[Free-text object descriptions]

────────────────────

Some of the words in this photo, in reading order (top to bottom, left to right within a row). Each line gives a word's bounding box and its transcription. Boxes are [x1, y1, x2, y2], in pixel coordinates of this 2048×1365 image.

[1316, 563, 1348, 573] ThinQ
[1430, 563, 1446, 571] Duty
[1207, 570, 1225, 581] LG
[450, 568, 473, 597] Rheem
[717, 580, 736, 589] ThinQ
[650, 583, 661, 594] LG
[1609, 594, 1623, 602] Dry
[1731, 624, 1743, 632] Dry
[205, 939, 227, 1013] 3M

────────────────────

- [PROBLEM DESCRIPTION] Would you mind copying all of the records exactly?

- [FINAL ANSWER]
Some of the words in this photo, in reading order (top to bottom, left to right within a row). Each line gives a word's bounding box and its transcription. Boxes are [x1, y1, x2, y2], in pixel coordinates of this 2048×1365 image.

[1316, 563, 1348, 573] ThinQ
[1430, 563, 1446, 571] Duty
[1207, 570, 1225, 581] LG
[450, 568, 473, 597] Rheem
[717, 580, 736, 589] ThinQ
[650, 583, 661, 594] LG
[1609, 594, 1623, 602] Dry
[1731, 624, 1743, 632] Dry
[205, 939, 227, 1013] 3M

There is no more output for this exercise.